摘要

The use of a cassette incubation of probe substrates with human liver microsomes (HLM)-also known as the 'cocktail' approach - is becoming a widely accepted approach to determine the interaction of new chemical entities (NCEs) with cytochrome P450 enzymes (CYP450) in early drug discovery. This article describes two LC-MS/MS-based analytical methods used at the high-throughput (HT) stage and late discovery (LD) stage for analysis of 'cocktail' incubates to analyze the probe metabolites 1 '-hydroxymidazolam (CYP3A4), 4 '-hydroxydiclofenac (CYP2C9), dextrorphan (CYP2D6), 1 '-hydroxytacrine (CYP1A2) and 4 '-hydroxymephenytoin (CYP2C19). The analytical methods are advantageous over currently reported methods due to their sensitivity, shorter analyses times (< 2 min/sample for the HT method and 4 min/sample for the LD method) and their ability to monitor a unique set of clinically relevant probe metabolites from a biological incubate containing low microsomal protein (0.1 mg/mL).
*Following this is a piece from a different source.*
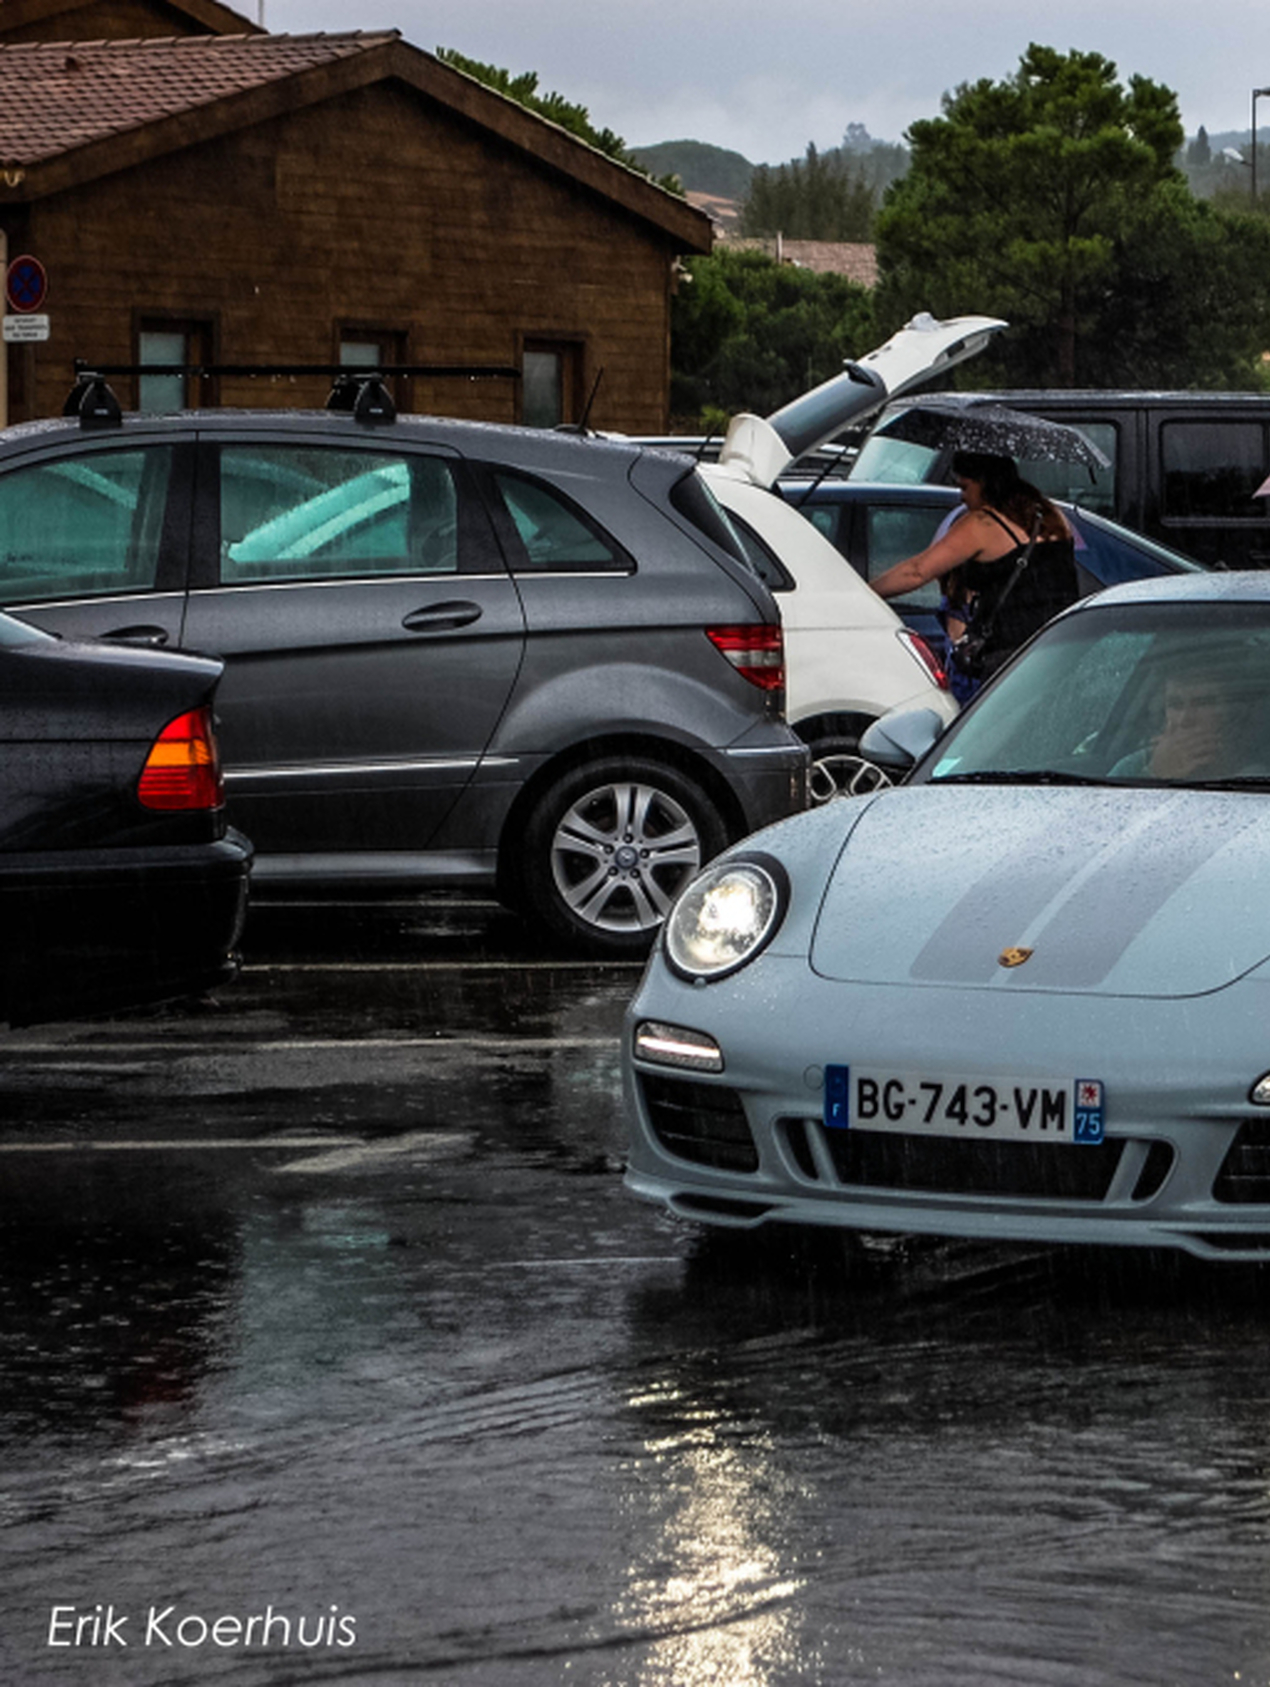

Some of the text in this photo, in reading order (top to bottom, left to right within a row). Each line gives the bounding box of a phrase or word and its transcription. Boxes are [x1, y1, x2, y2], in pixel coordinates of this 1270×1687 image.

The analytical methods employ the same mobile phase, acetonitrile and 0.1% formic acid, under similar LC-MS/MS conditions. In the HT method, the chromatographic method consists of a short robust step-gradient where the probe metabolites are simultaneously and quickly eluted to enhance throughput. The probe metabolites are chromatographically resolved in the LD stage by utilizing a true linear gradient to obtain optimal peak separation. The IC50 data generated by both analytical methods using single incubations versus cocktail incubations for various test compounds are in good agreement (correlation coefficient (r(2)) >= 0.98). The scientist conducting the analysis is provided with a choice of method selection depending on the stage of the test compound and on whether throughput or minimizing interference from other co-eluting metabolites is the most important criterion.